## Provided records
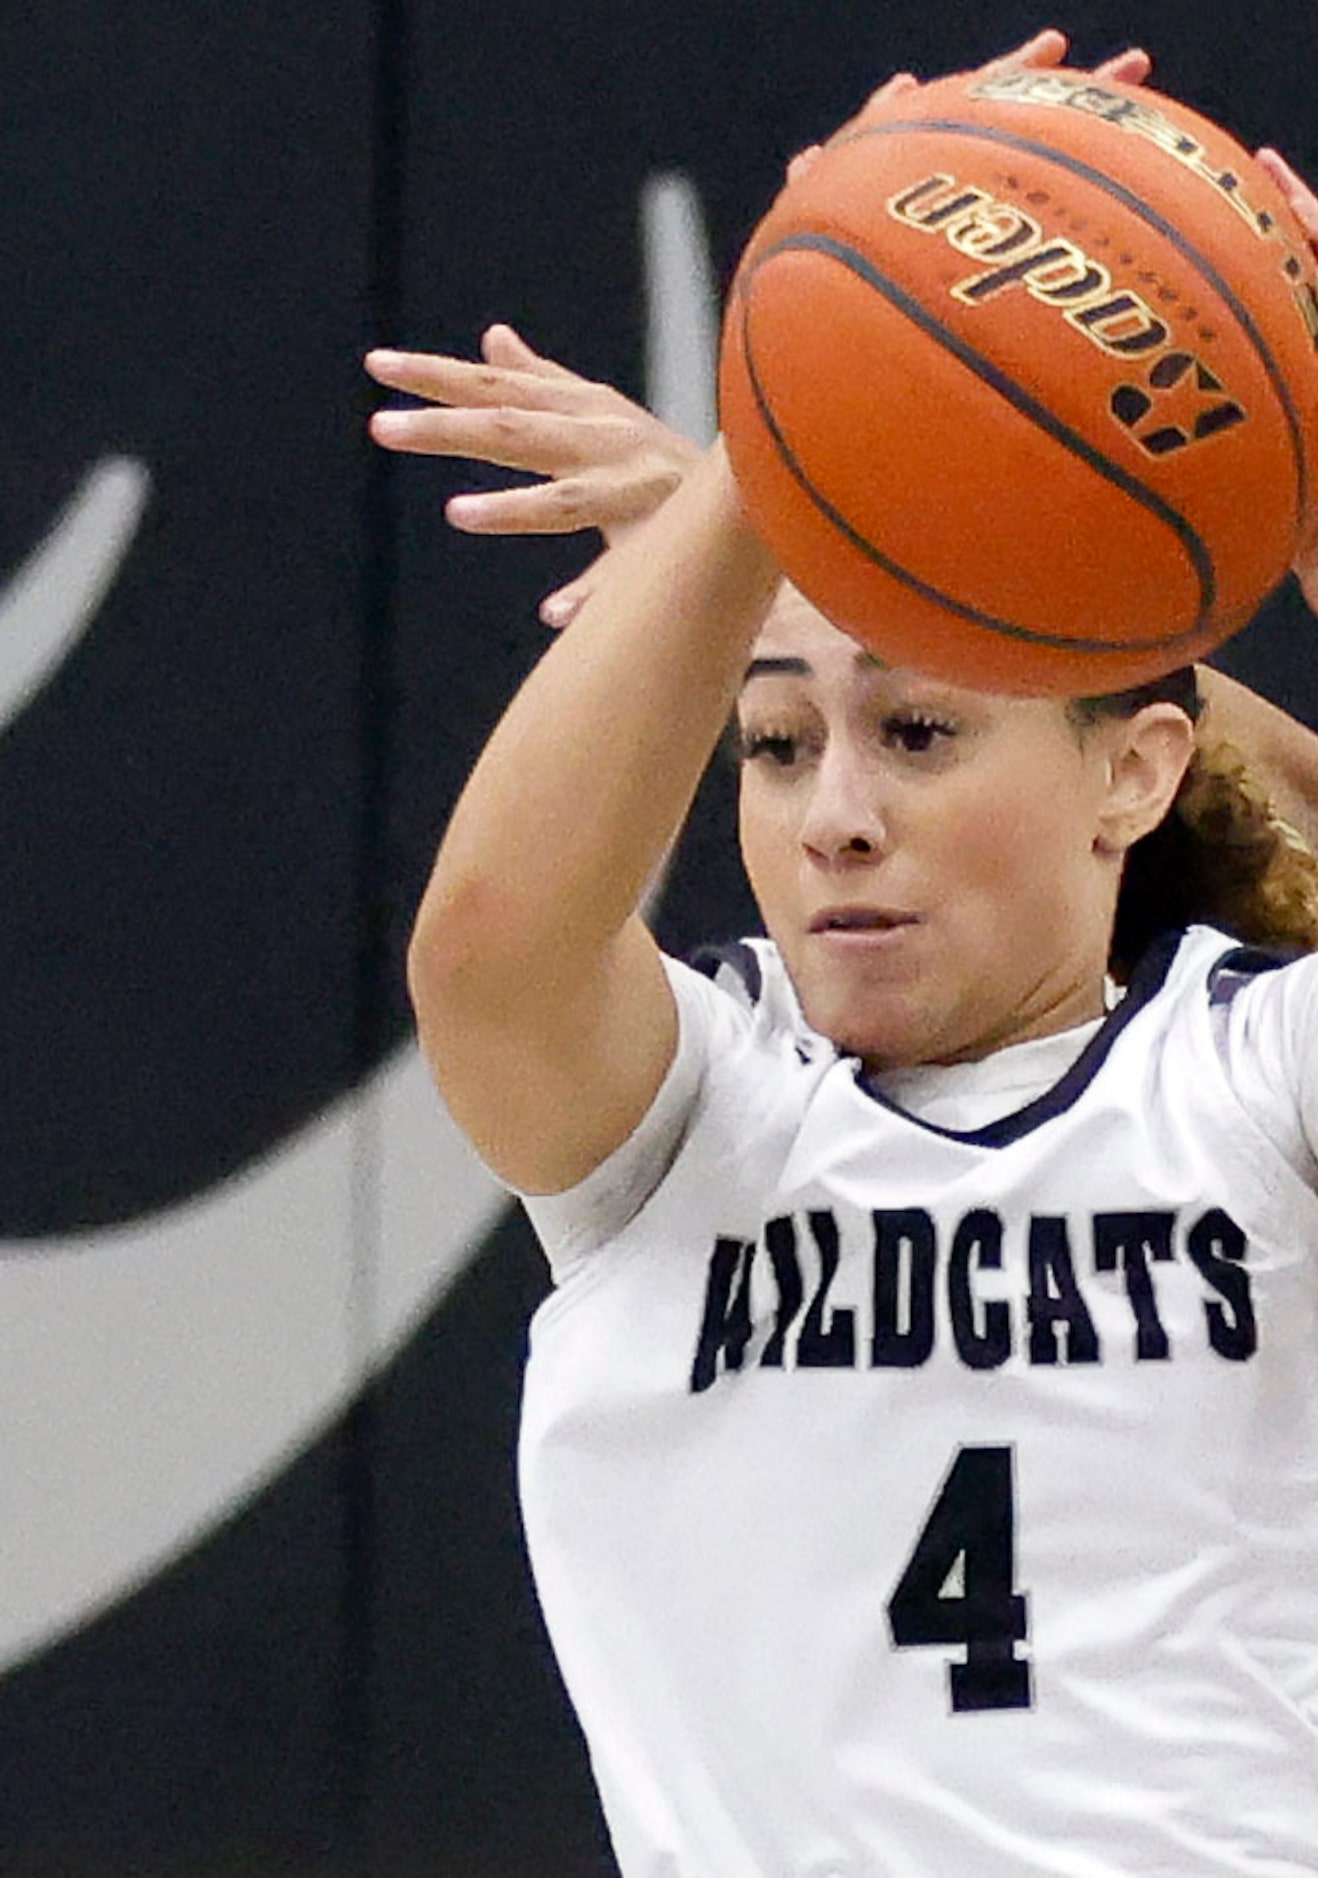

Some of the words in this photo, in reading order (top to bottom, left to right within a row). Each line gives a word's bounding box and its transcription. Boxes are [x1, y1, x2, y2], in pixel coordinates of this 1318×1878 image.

[885, 172, 1248, 462] Baden
[689, 1206, 1258, 1395] WILDCATS
[884, 1441, 1034, 1716] 4
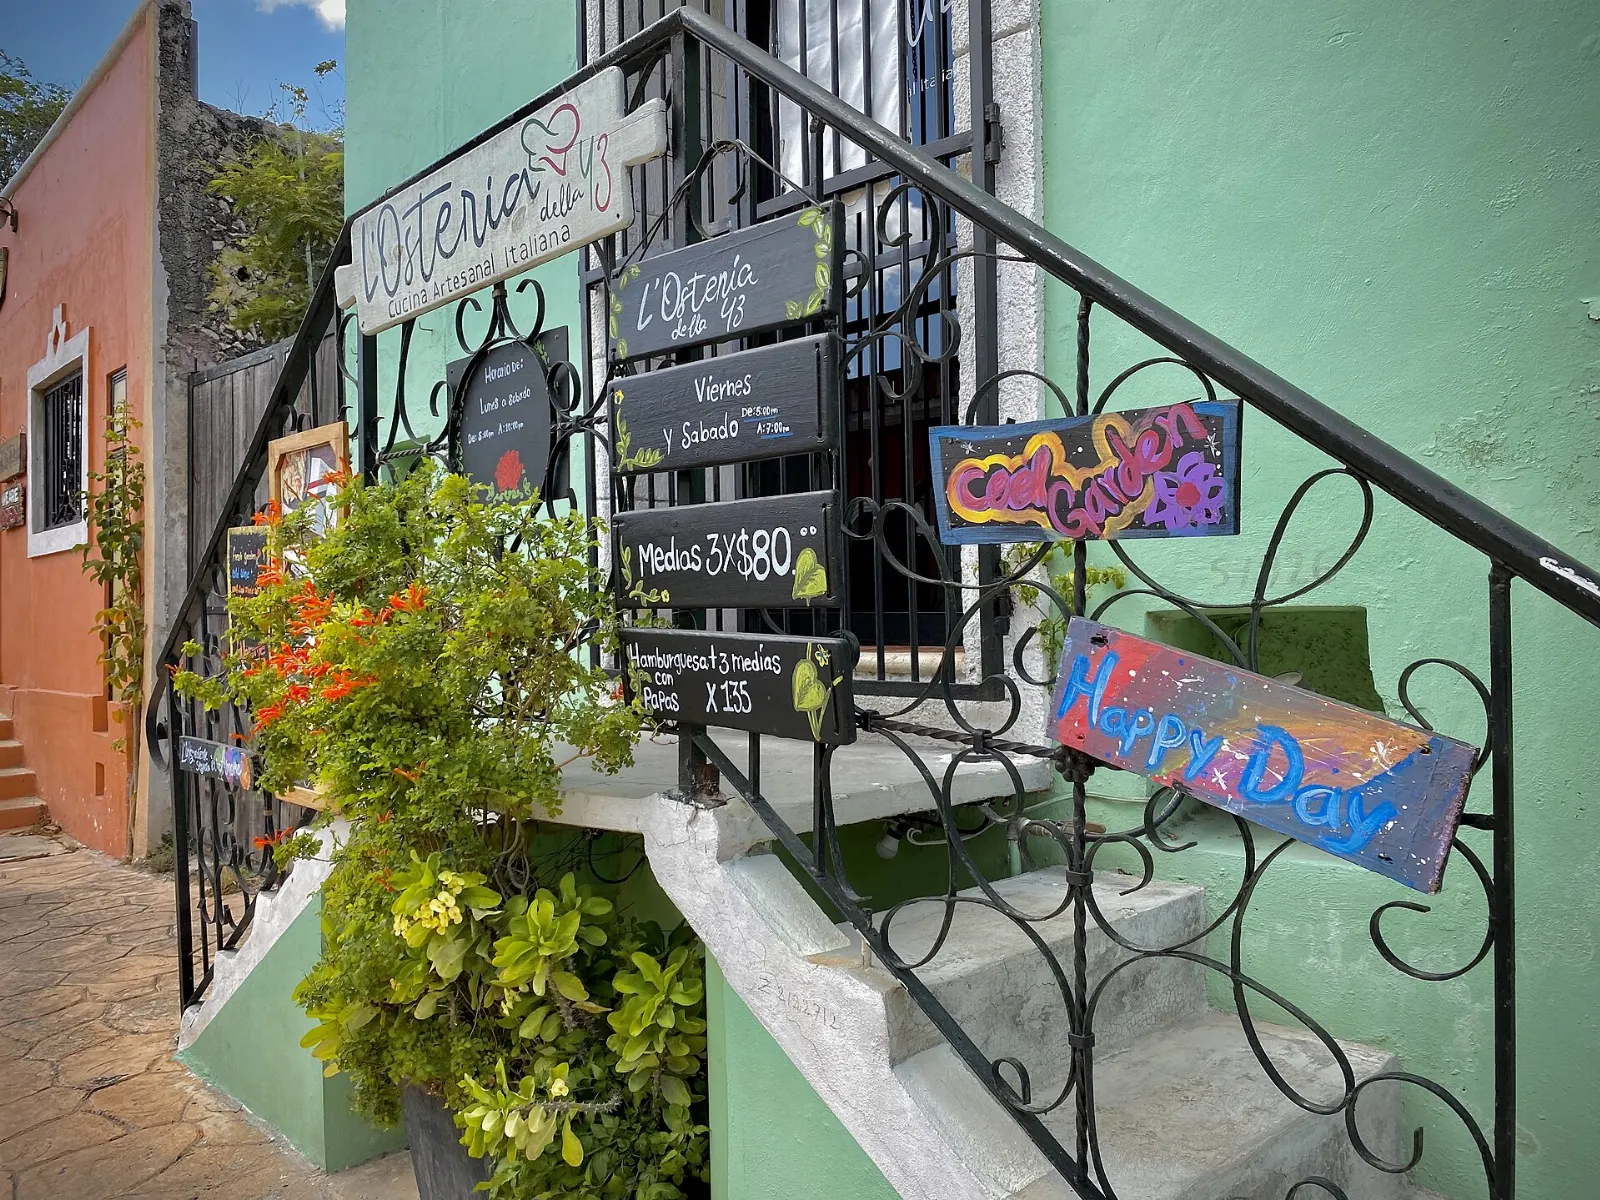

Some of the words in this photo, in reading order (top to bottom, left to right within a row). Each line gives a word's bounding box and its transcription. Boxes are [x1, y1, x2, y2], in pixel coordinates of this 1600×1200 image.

[540, 182, 584, 222] della
[388, 287, 428, 319] Cucina
[433, 251, 495, 299] Artesanal
[504, 224, 571, 269] Italiana
[671, 313, 708, 340] della
[484, 362, 511, 384] Horario
[694, 373, 752, 403] Viernes
[479, 397, 499, 415] Lunes
[501, 399, 507, 408] a
[681, 411, 739, 450] Sabado
[638, 535, 701, 578] Medias
[654, 671, 674, 687] con
[1057, 650, 1226, 782] Happy
[1238, 723, 1398, 854] Day

## Task directions
What is needed is an exact reprint of every entry, pictures excluded.

## Task output
Some of the words in this photo, in reading order (top to bottom, left to right within a row). Each line gives a word's bounding box and its transcription. Boxes are [x1, y1, x2, y2], in pixel coordinates of this 1318×1878 image.

[885, 172, 1248, 462] Baden
[689, 1206, 1258, 1395] WILDCATS
[884, 1441, 1034, 1716] 4

Some of the words in this photo, in reading order (top to bottom, left to right within a row). Each line gives a word's bounding box and its transcription. Boxes are [x1, y1, x2, y2], in pixel coordinates of this 1600×1200 image.

[540, 182, 584, 222] della
[388, 287, 428, 319] Cucina
[433, 251, 495, 299] Artesanal
[504, 224, 571, 269] Italiana
[671, 313, 708, 340] della
[484, 362, 511, 384] Horario
[694, 373, 752, 403] Viernes
[479, 397, 499, 415] Lunes
[501, 399, 507, 408] a
[681, 411, 739, 450] Sabado
[638, 535, 701, 578] Medias
[654, 671, 674, 687] con
[1057, 650, 1226, 782] Happy
[1238, 723, 1398, 854] Day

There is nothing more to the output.